Finding your job. The right job for you is out there. You just have to find it, or have it find you. Learn the right search techniques: Only 1% of jobs are filled through job boards! Learn to grow and use your circle of contacts, including in the OS world, to help in your search. Take home techniques to find out about the company you're interested in: Google is only the start.

Get an interview A pretty resume is worthless if the hiring manager doesn't see what he needs. Using your Open Source background to get in the door. Find out what the manager wants. Learn how to read a job posting. Create a resume and online presence that lets potential employers know about you. Does your online footprint help or hinder you?

Get the job Learn the three crucial mistakes not to make in your interview. Find out how to turn the old-style Q&A interview into a working session to prove that you are the right candidate.

Use WxPerl to Quickly Create "Professional-Looking" Graphical User Interfaces
Sam Skielnik
This talk will introduce the use of WxPerl to quickly create "professional-looking" Graphical User Interfaces (GUI). The talk will attempt to answer the following questions:

What is WxPerl and Why Not Use Perl/Tk?
What major GUI widgets are available? (menus, notebook tabs, spreadsheet grid, etc.)
What are the basic steps to creating a Perl script with a WxPerl GUI?
What free GUI Designer/Layout tool can I use to generate WxPerl scripts?

Using the Perl Debugger
Daniel Allen
This introduction to the Perl debugger is targetted at beginning and intermediate perl programmers.
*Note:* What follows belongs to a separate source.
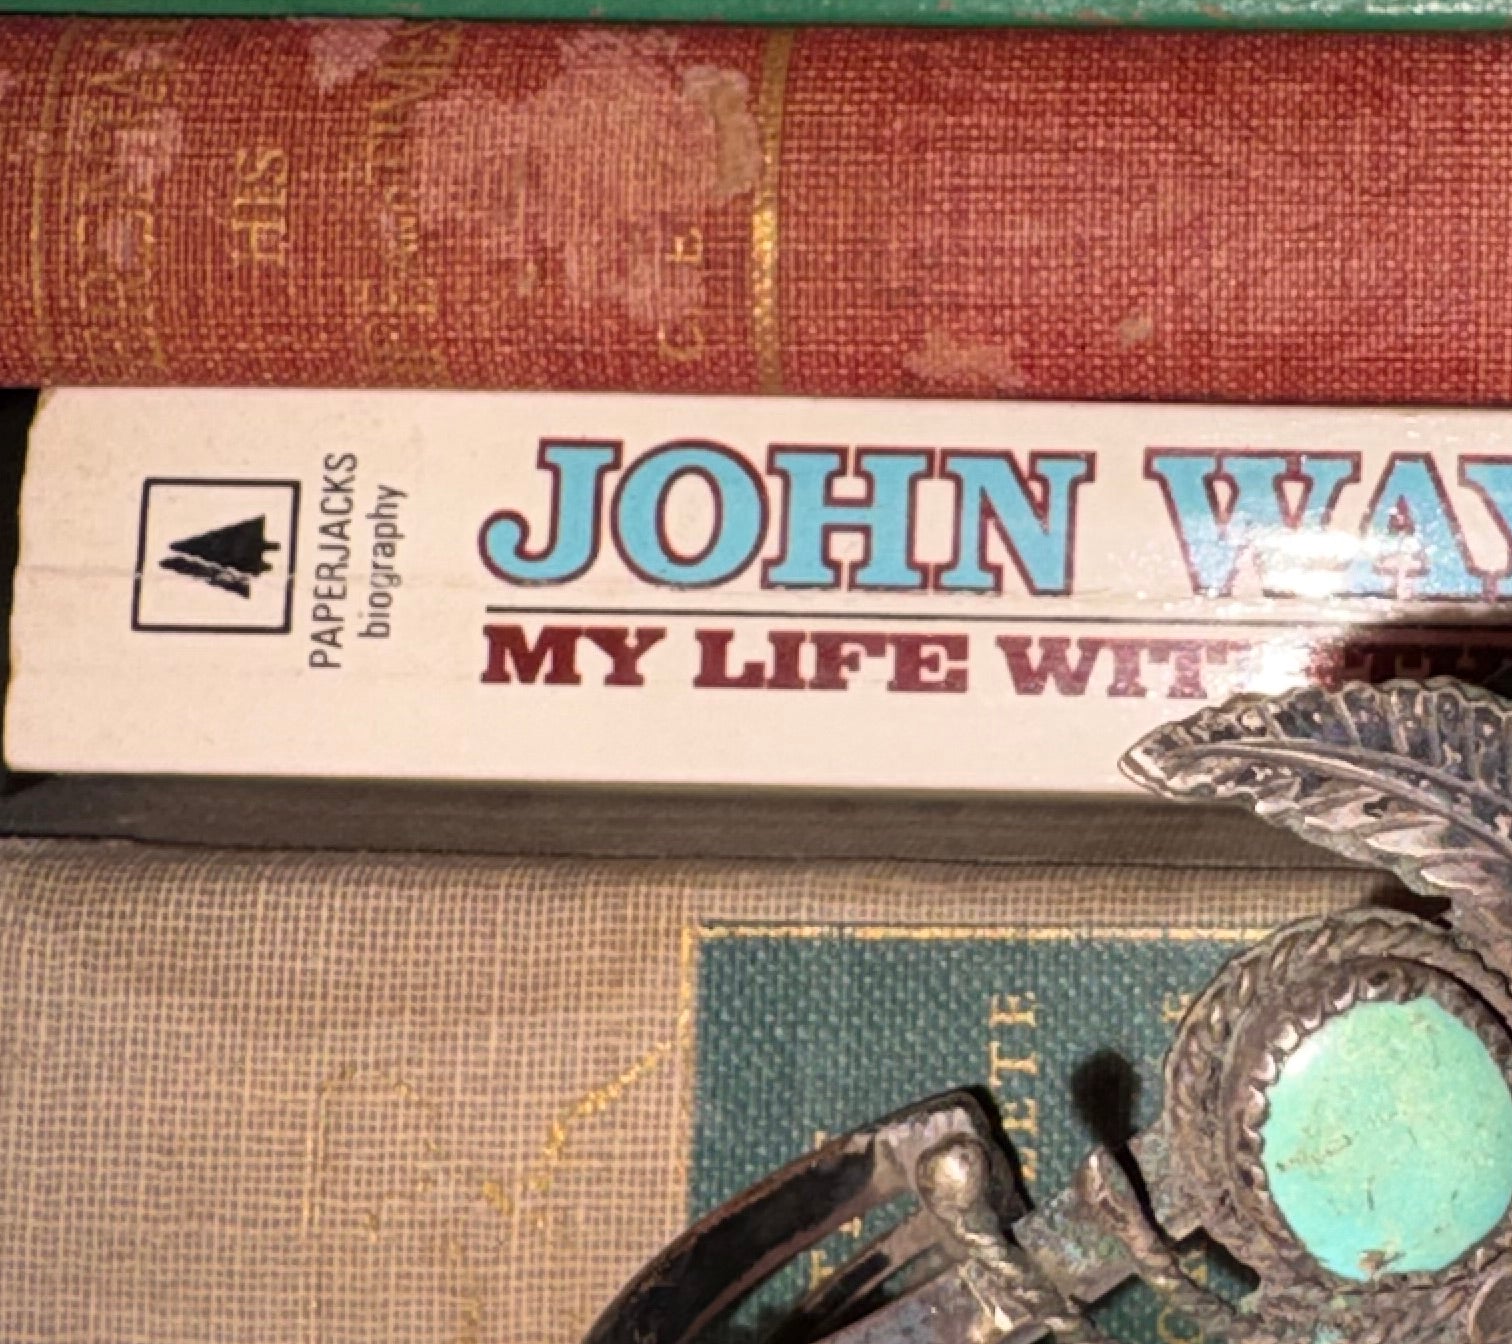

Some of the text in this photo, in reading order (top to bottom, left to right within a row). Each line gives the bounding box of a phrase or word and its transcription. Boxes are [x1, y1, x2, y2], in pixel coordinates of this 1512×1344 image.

Preamble: avoiding bugs with 'warnings' and 'strict'
Motivation: What's wrong with print "got here" if ($debug); ?
Invoking the debugger.
First 6 essential commands
Next 5 useful commands: Breakpoints, Actions, Watchpoints
Useful Customizations.

Why mod_perl 2.0 Sucks, Why mod_perl 2.0 Rocks
Geoffrey Young
Have you tried working with mod_perl 2.0 yet? Ugh. With all those new classes and directives to learn, not to mention the list of incomplete features, you might as well stay with the trusty, stable mod_perl of old. And subroutine attributes? Eesh. Of course, the new 2.0 API does let you do fun stuff like write output filters. Oh, and there's the Apache-Test framework that's pretty cool. Not to mention a method called assbackwards(). This brief, fun talk will introduce mod_perl 2.0 by poking fun at its shortcomings as well as showcasing its promise.

Writing Tests with Apache-Test
Geoffrey Young
Tests make your life easier, and Apache-Test makes writing live webserver tests easy. The Apache-Test framework is arguably one of the best things to emerge from the mod_perl 2.0 redesign effort. All you need to do is write the tests and *poof* Apache-Test takes care of configuring and starting the server, running your tests, stopping the server, and reporting back your successes (or failures). This talk will introduce the Apache-Test interface and detail how to let it make your life easier. We will step thought the processes of writing a complete test suite for a simple Apache:: module, from generating the Makefile.PL to deciding which aspects of our module ought to be tested -everything you need to be able to start writing tests for your neglected web applications.